Paul, Hester’s youngest child and only son, in order to try and win his mother’s affections and love, violently rides his childhood rocking horse, in order to predict the winners of their town’s horse races. With this special, fortune-telling power, life-threatening exhaustion ensues, but leads to winnings worth thousands of pounds. With this money, Paul hopes to ease his mother’s worry of their family’s ‘un-luck’ and finally win the attention and affection of a mother with a ‘hard center of a heart’ (Lawrence, 1924). To Paul’s disappointment, the mother never acknowledges the money, himself, or their family’s streak of luck through Paul.

Heinz Kohut, the main founder of self psychology, defines psychopathology as a result of developmental deficiencies and unmet needs, particularly from mother (or caretaker) to child (Kohut, 1971). If the child receives a sufficient ‘holding environment’ from the mother in which the child is loved and cared for in a truly empathetic fashion , then according to Kohut, she is ‘successful’ and the child will develop a structured and healthier sense of self, particularly in the child’s development and relation to others or ‘objects’.

Kohut writes, if empathic care by the mother is to be successful, she not only takes notice of some of the infant’s requirements and achievements but speaks to the child as an integral whole (Kohut, 1971). For poor little Paul, his pathology is rooted in the mother’s inability to love and empathize with her son, from the very day he was born. As Lawrence writes of Hester, “She had bonny children, yet she felt they had been thrust upon her, and she could not love them” (1223).

Additionally, Hester knew very well that “when her children were present, she always felt the centre of her heart go hard. ” Eventually, this heart turns to stone, proving her inability to be human, and love and empathize. This lack of love and empathy creates a near absence of self for Paul and unfortunate mental impairment. Similar to those who hear voices or hallucinate, Paul becomes so obsessed with wanting to please his mother and give her the money she always wanted, that he believes to hear the actual house whispering saying “There must be more money!

There must be more money! ” (1224) Near the end, the voices become “like a chorus of frogs on a spring evening” (1232). Young Paul, now to the point of madness, believes these voices to be true (and yet there is no mention in the story of the parents hearing these same voices) and pushes himself to his tragic demise in thrusting back and forth on his rocking horse in order to finally get the name of the winner for the Derby, the horse race that would win the family 80,000 pounds.

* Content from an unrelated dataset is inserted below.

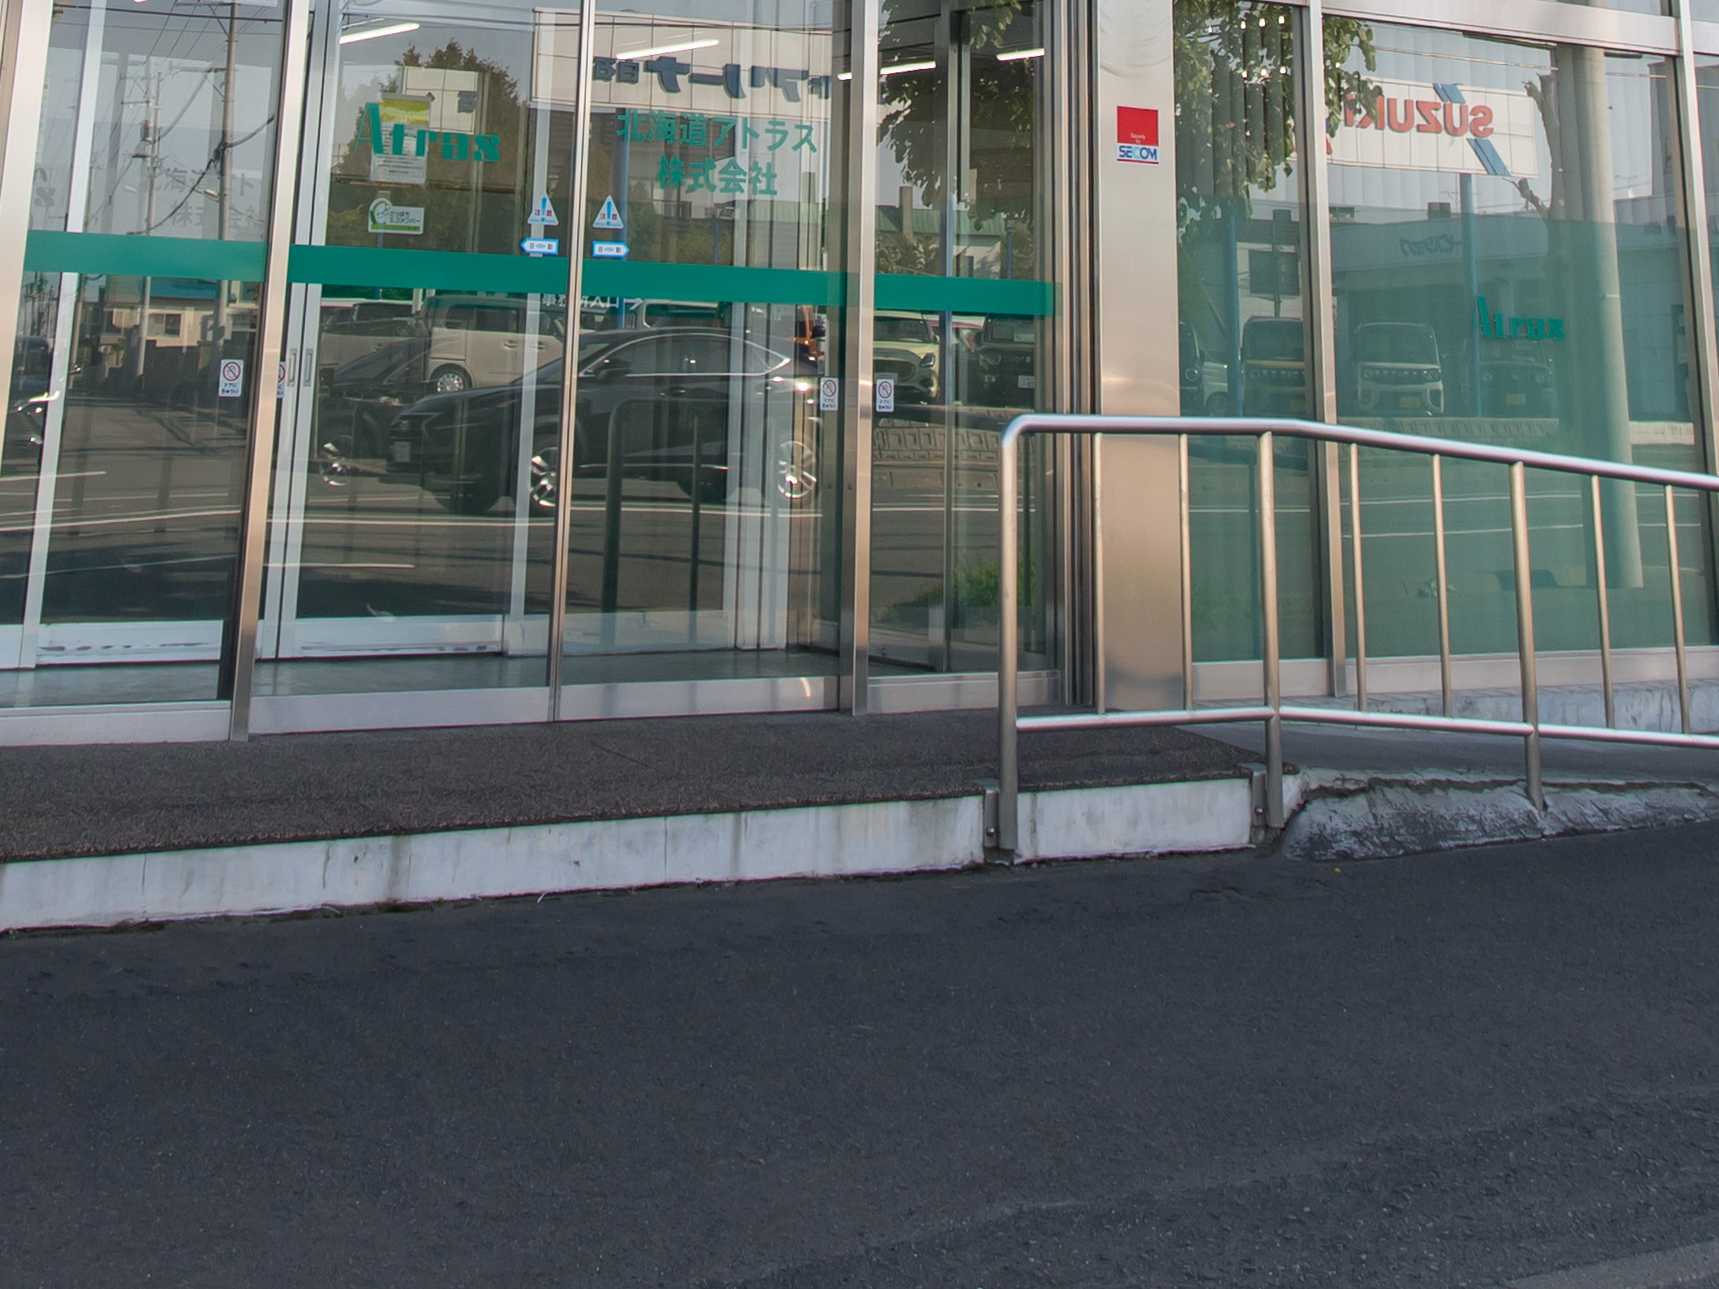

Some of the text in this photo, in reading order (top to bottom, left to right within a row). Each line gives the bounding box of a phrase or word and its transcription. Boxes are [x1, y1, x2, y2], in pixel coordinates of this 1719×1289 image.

[353, 102, 501, 163] Atras
[617, 107, 818, 154] 北海道アトラス
[1118, 145, 1158, 161] SECOM
[657, 153, 778, 196] 株式会社

Finally, with regards to the cold, lifeless rocking horse, for Paul this becomes his temporary mother-figure or ‘object-love’ in which he uses to build and strengthen his self (which one may argue is nearly absent or poorly structured). Just as Kohut says, “
‘object-love’ like any other intense experience, strengthens the self
and a strong self enables us to experience love and desire more intensely” (Kohut 1984, 86). With Paul’s faint, weakened self, his attachment to his rocking horse gives him enough sense of self to love and desire his real mother’s affection even more so.

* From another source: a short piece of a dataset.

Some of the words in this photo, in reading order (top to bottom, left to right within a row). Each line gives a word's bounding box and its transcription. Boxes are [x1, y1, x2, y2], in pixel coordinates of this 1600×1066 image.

As Goldstein (1983) brilliantly writes, “In addition to the self states that may occur in response to the deprivations or excesses of the caretaking environment, there are some character types that develop in order to deal with circumscribed selfobject failures and resultant weakness in the self. ” Ultimately, because his mother does not acknowledge the money on her birthday (the symbol of Paul’s love and self), and instead becomes like the rocking horse, “with her face hardening and become more expressionless, with a voice cold and absent” this leads to Paul’s even greater fall from innocence (1231).

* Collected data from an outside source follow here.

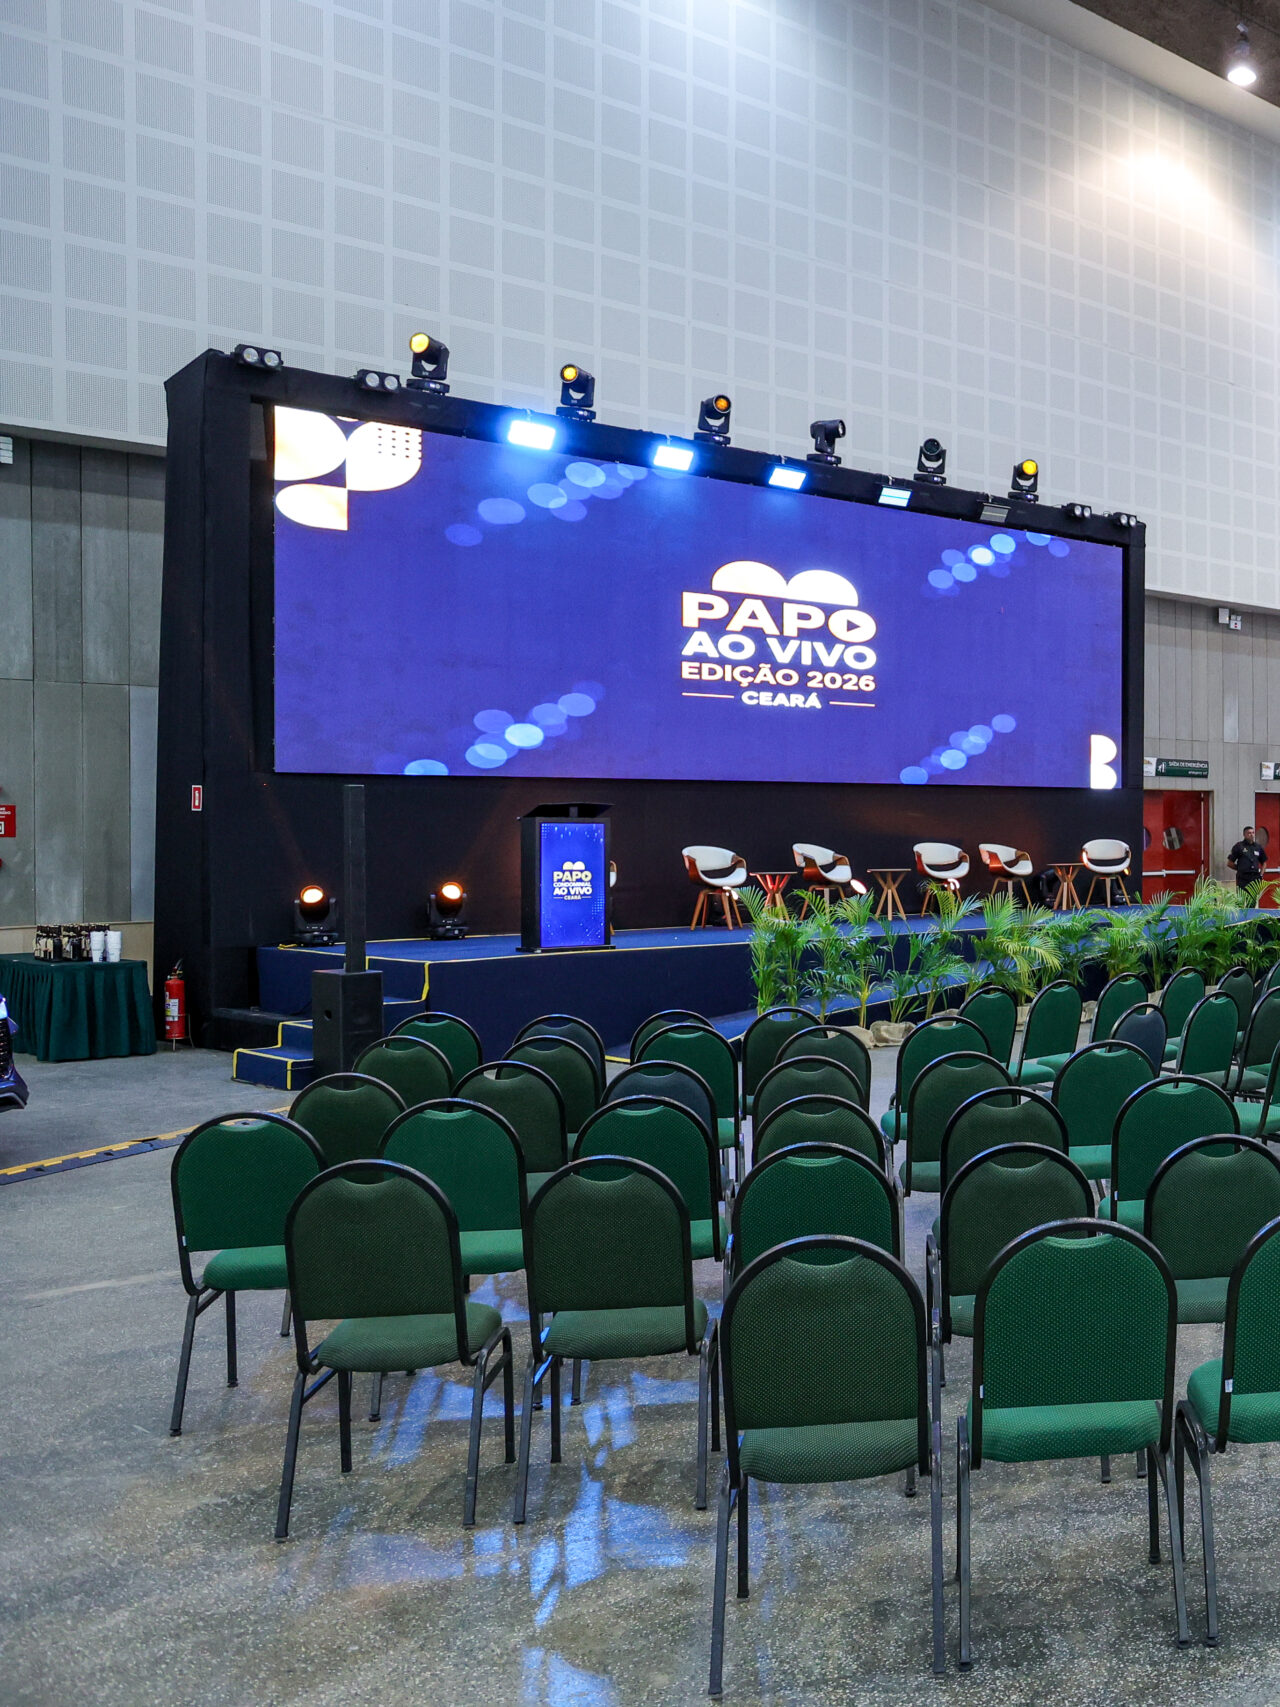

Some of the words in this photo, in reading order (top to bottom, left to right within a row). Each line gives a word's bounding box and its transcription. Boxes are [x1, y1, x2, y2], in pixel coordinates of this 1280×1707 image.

[682, 591, 877, 643] PAPO
[681, 631, 756, 660] AO
[766, 637, 877, 670] VIVO
[681, 661, 799, 687] EDIÇÃO
[806, 671, 876, 692] 2026
[741, 691, 822, 709] CEARÁ
[553, 871, 592, 882] PAPO
[553, 887, 568, 895] AO
[569, 887, 592, 895] VIVO

In conclusion once again, according to Kohut, “The worst suffering I see in adult patients are in those very subtle, and difficult to uncover, absence of the mother, because her personality is absent. ” “When he had ridden to the end of his mad little journey, he climbed down and stood in front of his rocking-horse, staring fixedly into its lowered face. Its red mouth was slightly open, its big eye was wide and glass bright” (1225).